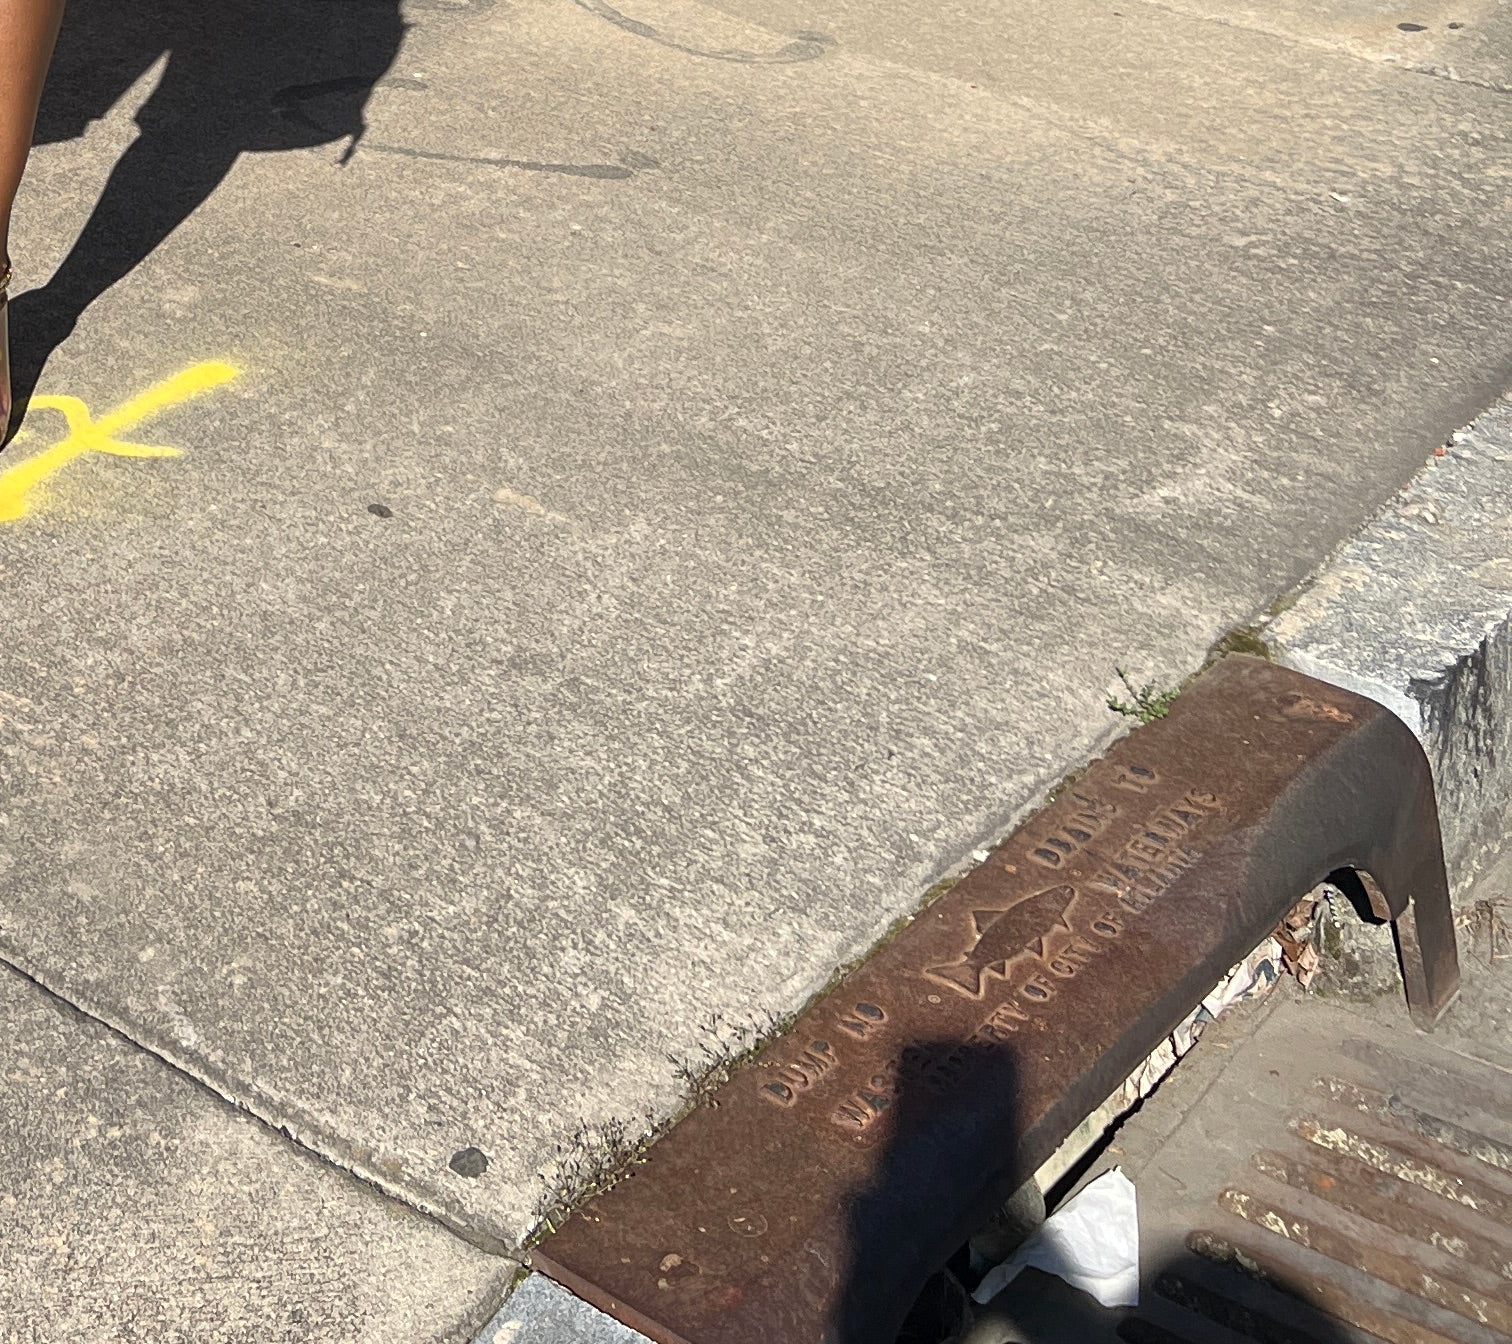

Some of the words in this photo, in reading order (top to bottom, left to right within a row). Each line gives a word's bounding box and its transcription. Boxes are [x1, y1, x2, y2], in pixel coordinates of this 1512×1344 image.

[1110, 764, 1159, 795] TO
[1021, 972, 1057, 1003] OF
[1048, 935, 1103, 978] CITY
[1091, 911, 1125, 938] OF
[758, 1039, 837, 1108] DUMP
[838, 1001, 888, 1040] NO
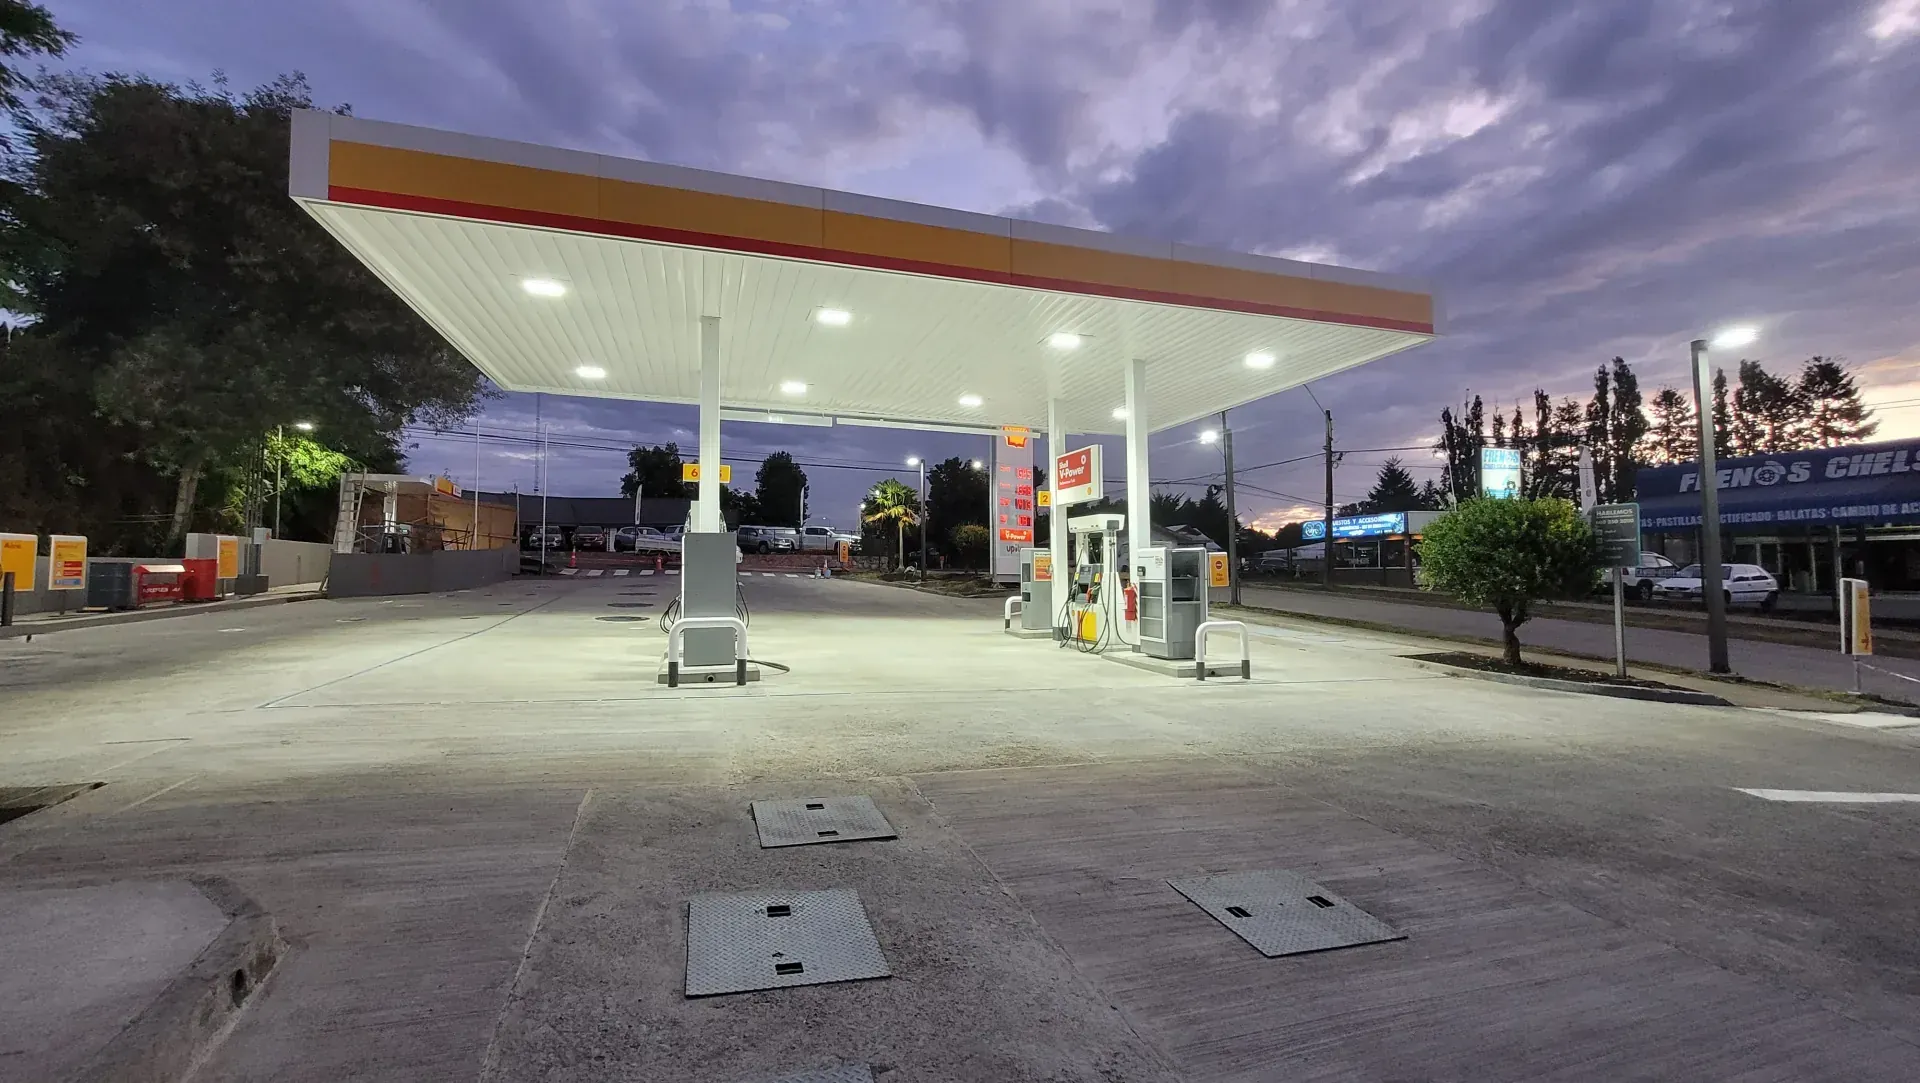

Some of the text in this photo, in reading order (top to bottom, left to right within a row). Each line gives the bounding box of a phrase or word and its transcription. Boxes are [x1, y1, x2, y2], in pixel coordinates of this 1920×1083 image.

Task details: An exact copy of every entry, minus the pictures, is what you should return.

Task output:
Some of the words in this photo, in reading order (top to bottom, left to right within a row). Each line gives a word's bounding box and its transcription. Boxes are [x1, y1, x2, y2], in pixel coordinates of this 1512×1344 image.

[1110, 764, 1159, 795] TO
[1021, 972, 1057, 1003] OF
[1048, 935, 1103, 978] CITY
[1091, 911, 1125, 938] OF
[758, 1039, 837, 1108] DUMP
[838, 1001, 888, 1040] NO

Some of the text in this photo, in reading order (top to bottom, left to right within a row). Each line gives the bounding box of a phrase or word and its transcription. Boxes are [x1, y1, x2, y2], in pixel coordinates of this 1920×1083 image.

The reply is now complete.